IDI: il commento del Presidente in occasione della Giornata della Memoria

Tra memoria e giustizia c'è un rapporto molto stretto. Basti pensare che chiamiamo "amnistia" il provvedimento di clemenza con il quale si estingue il reato. Nella parola "amnistia" la radice mne- "ricordare" è preceduta da un "alfa privativo" che ne nega il significato: togliere il carattere di reato ad alcuni comportamenti del passato è un "non ricordare", un "dimenticare"

di Paolo Giordani*


"Nel mondo milioni di persone continuano a soffrire a causa di discriminazioni e violenze, inclusi coloro che fuggono da guerre e persecuzioni" ribadisce l'Agenzia dell'Onu per i rifugiati. L'anno scorso erano 70 milioni le persone in fuga dalle loro case, il dato più alto dalla seconda guerra mondiale. Allo stesso tempo crescono gli estremismi e si moltiplicano gli episodi di intolleranza e xenofobia che alimentano l'isolamento e l'esclusione sociale.

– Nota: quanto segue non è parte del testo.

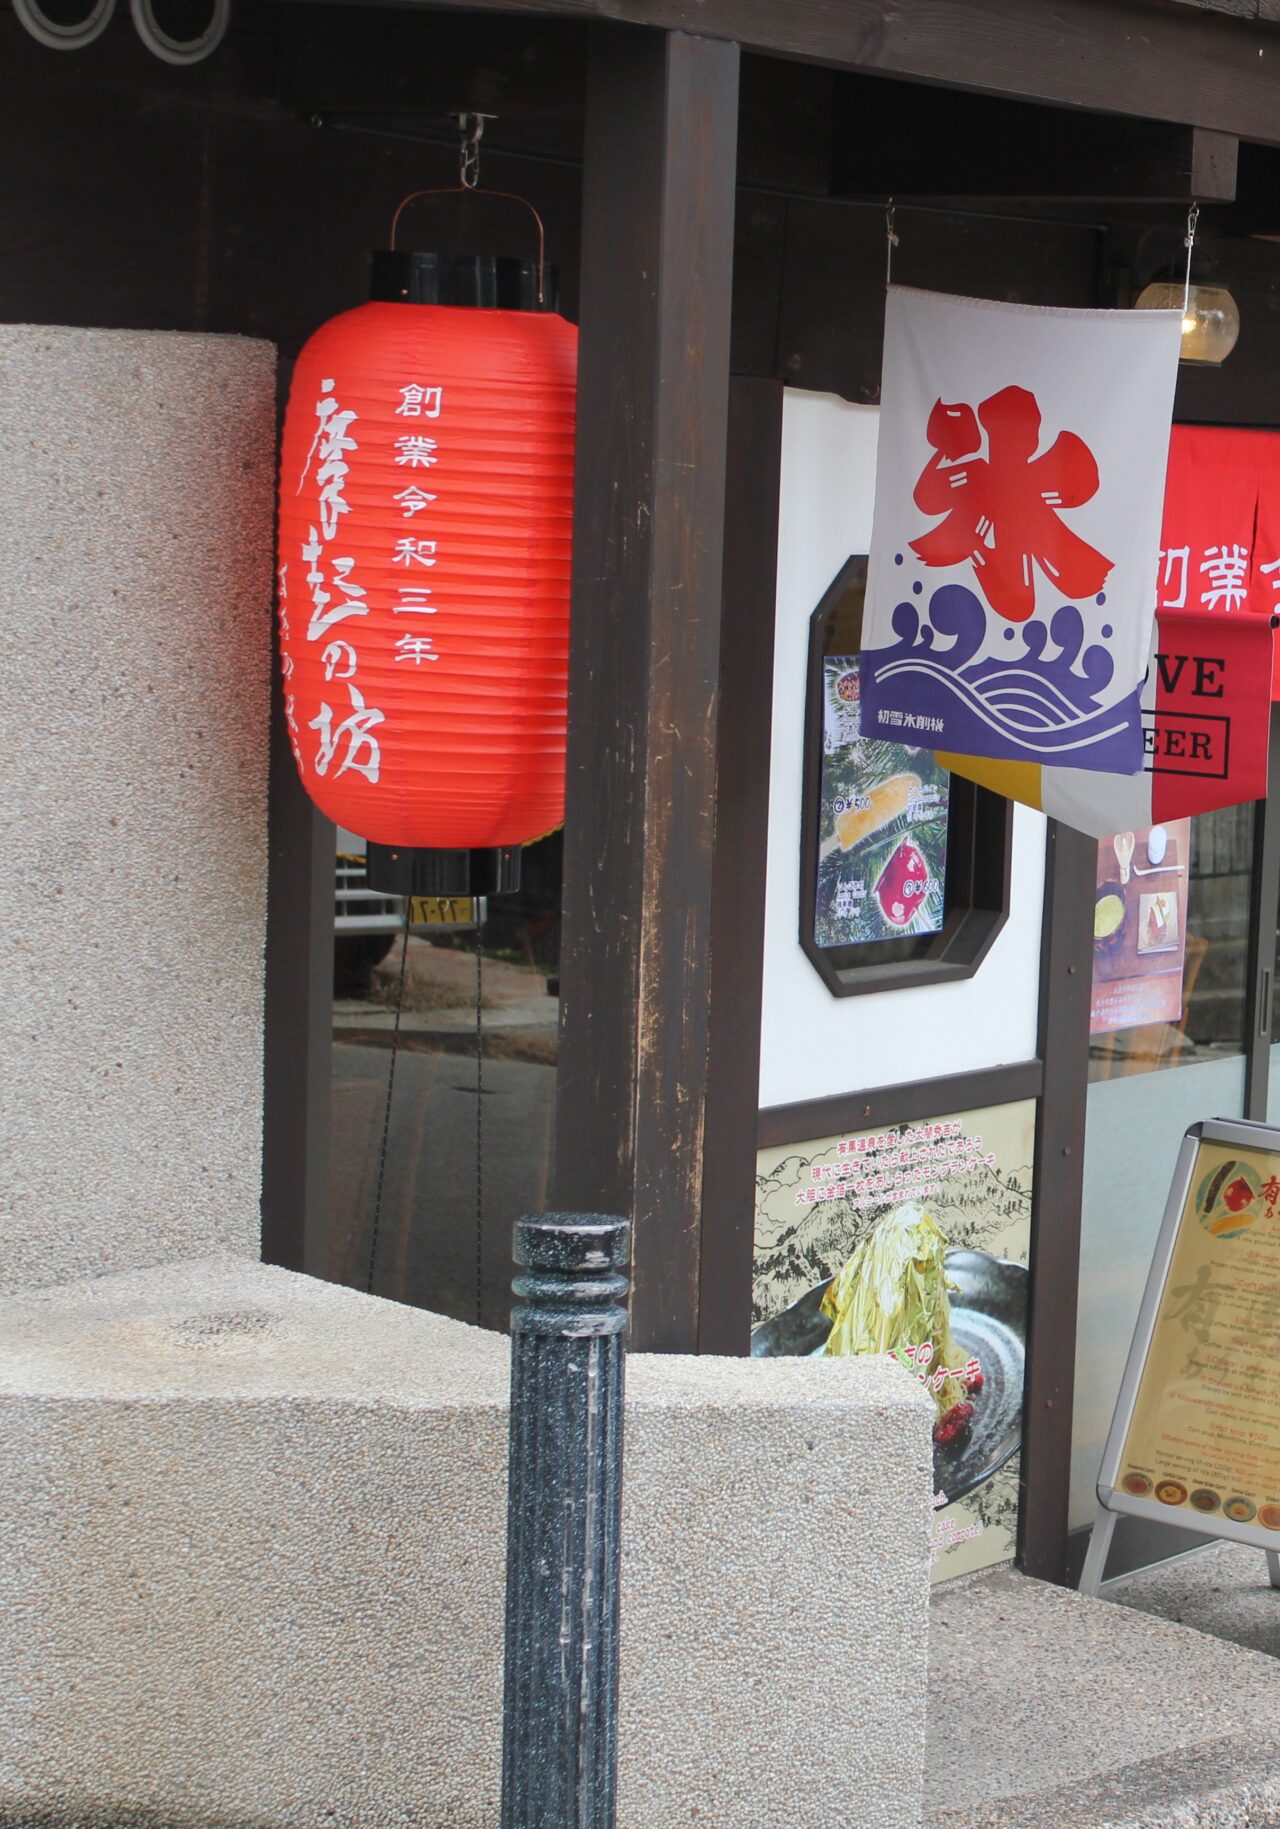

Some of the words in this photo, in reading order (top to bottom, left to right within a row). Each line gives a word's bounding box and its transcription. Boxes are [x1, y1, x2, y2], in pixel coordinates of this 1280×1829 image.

[391, 383, 443, 666] 創業令和三年
[908, 385, 1116, 621] 氷
[1146, 654, 1226, 698] VE

"Tra memoria e giustizia c'è un rapporto molto stretto. Basti pensare che chiamiamo "amnistia" il provvedimento di clemenza con il quale si estingue il reato. Nella parola "amnistia" la radice mne- "ricordare" è preceduta da un "alfa privativo" che ne nega il significato: togliere il carattere di reato ad alcuni comportamenti del passato è un "non ricordare", un "dimenticare". In politica l'"amnistia" può rivelarsi qualche volta utile e giustificata, addirittura benefica, per le più varie ragioni. Ma quando parliamo di storia la cancellazione della memoria genera sempre un'ingiustizia: non incide, ovviamente, sull'oggettività degli avvenimenti passati e soprattutto impedisce di conoscerli per quello che sono".

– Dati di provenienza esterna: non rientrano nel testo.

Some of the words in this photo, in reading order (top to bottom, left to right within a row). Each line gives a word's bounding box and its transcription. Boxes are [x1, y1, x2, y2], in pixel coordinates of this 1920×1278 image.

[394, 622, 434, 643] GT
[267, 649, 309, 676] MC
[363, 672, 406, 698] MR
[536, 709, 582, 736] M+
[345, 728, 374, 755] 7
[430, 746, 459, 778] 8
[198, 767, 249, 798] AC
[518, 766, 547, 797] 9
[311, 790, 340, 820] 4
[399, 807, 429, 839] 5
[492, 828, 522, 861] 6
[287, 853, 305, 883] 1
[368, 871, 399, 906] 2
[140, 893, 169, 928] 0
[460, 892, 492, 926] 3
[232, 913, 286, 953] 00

"Ricordare è un dovere, a maggior ragione quando dobbiamo ricordare il male e quando il male che dobbiamo ricordare ha le dimensioni dell'Assoluto, come nel caso dell'Olocausto. La data di oggi, 27 gennaio, giustamente è stata scelta dalla Repubblica italiana prima (2000) e dalla Nazioni Unite poi (2005) per aiutarci a ricordare. Quel giorno, nel 1945, i soldati sovietici entrarono ad Auschwitz e aprirono al mondo le porte di un orrore così grande da revocare in dubbio tra gli stessi credenti, come scrisse il filosofo Hans Jonas, perfino il concetto di Dio. La memoria di questo evento, inconcepibile ma storico, non è soltanto indispensabile strumento di conoscenza. E' anche la nostra unica speranza che qualcosa di simile non si ripeta mai più".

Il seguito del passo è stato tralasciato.